Work request: With the pictures left out, repeat every entry that follows exactly.

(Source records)
◆ ◆ ◆ ◆ ◆ ◆ ◆
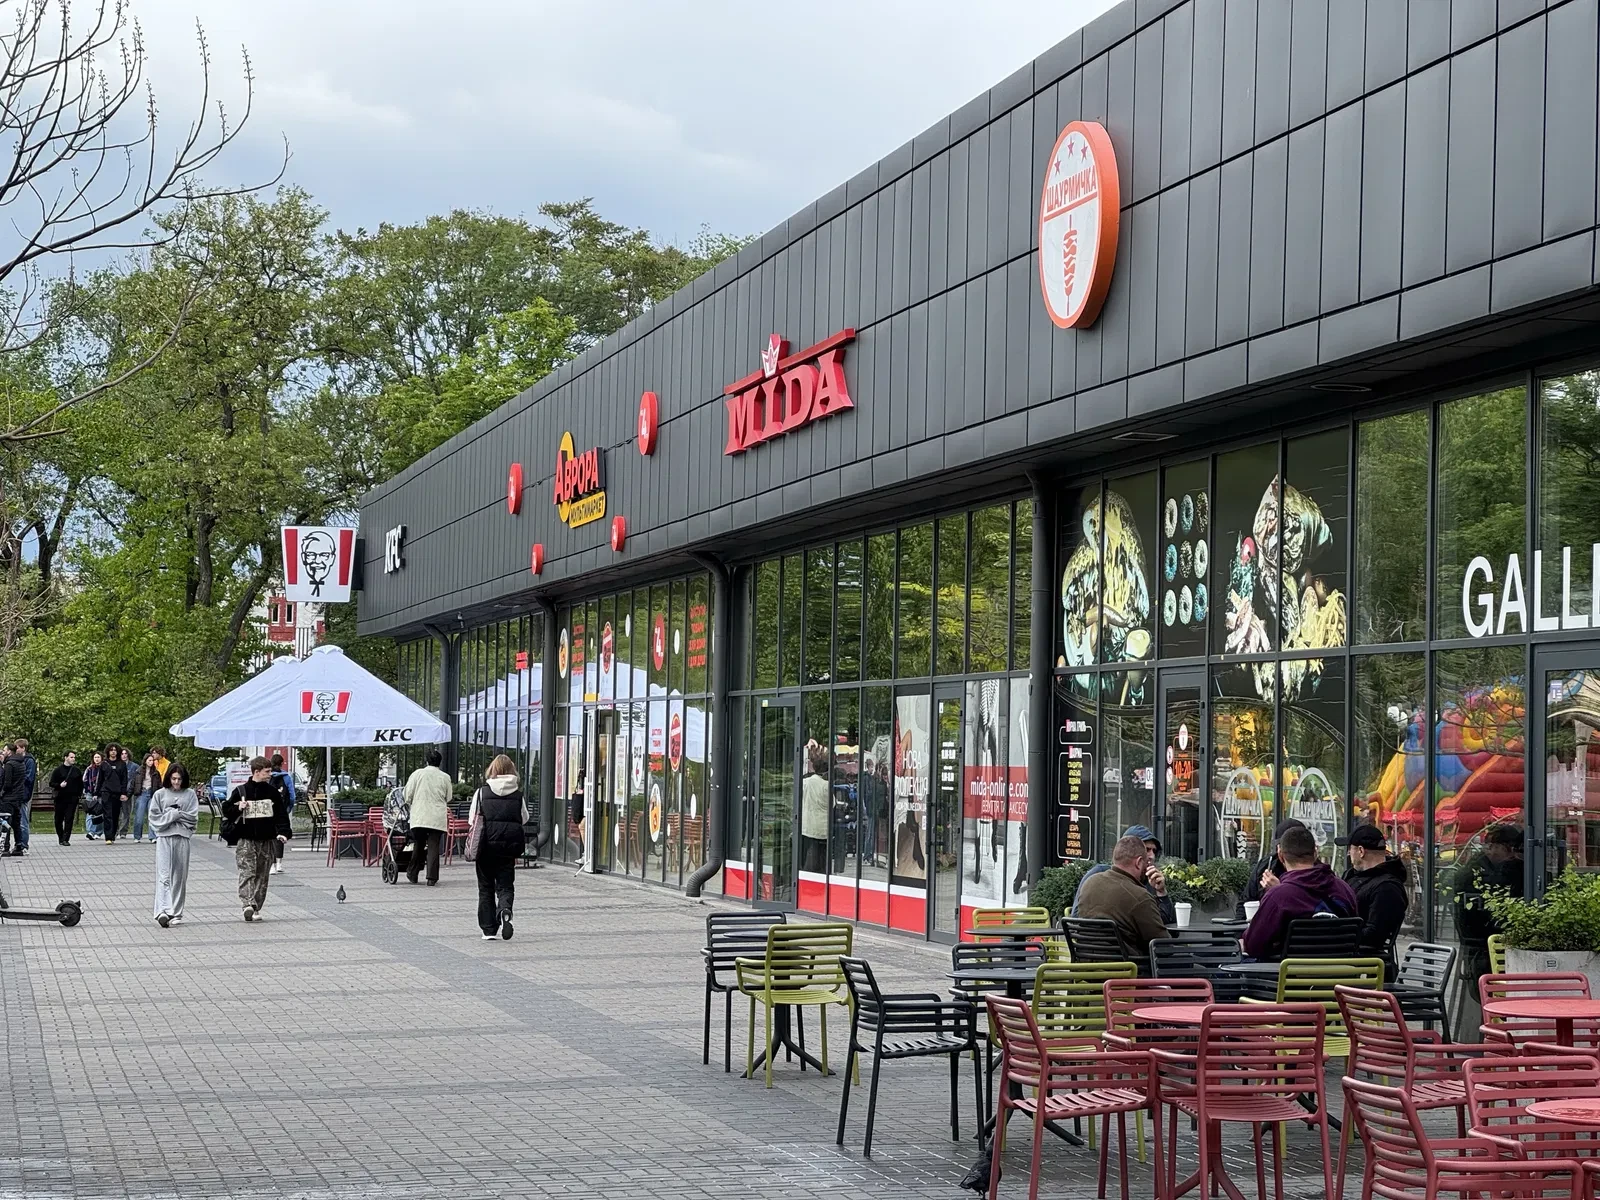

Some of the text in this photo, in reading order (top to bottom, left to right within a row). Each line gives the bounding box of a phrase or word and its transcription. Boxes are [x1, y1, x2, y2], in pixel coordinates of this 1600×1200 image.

[1046, 165, 1097, 212] ШАУРМИЧКА
[724, 348, 854, 456] MIDA
[553, 447, 602, 505] АВРОРА
[384, 524, 402, 574] KFC
[307, 714, 340, 722] KFC
[373, 728, 412, 742] KFC
[902, 750, 922, 770] НОВА
◆ ◆ ◆ ◆ ◆ ◆ ◆
Written solution:
Some of the text in this photo, in reading order (top to bottom, left to right within a row). Each line gives the bounding box of a phrase or word and its transcription. Boxes are [x1, y1, x2, y2], in pixel coordinates of this 1600×1200 image.

[1046, 165, 1097, 212] ШАУРМИЧКА
[724, 348, 854, 456] MIDA
[553, 447, 602, 505] АВРОРА
[384, 524, 402, 574] KFC
[307, 714, 340, 722] KFC
[373, 728, 412, 742] KFC
[902, 750, 922, 770] НОВА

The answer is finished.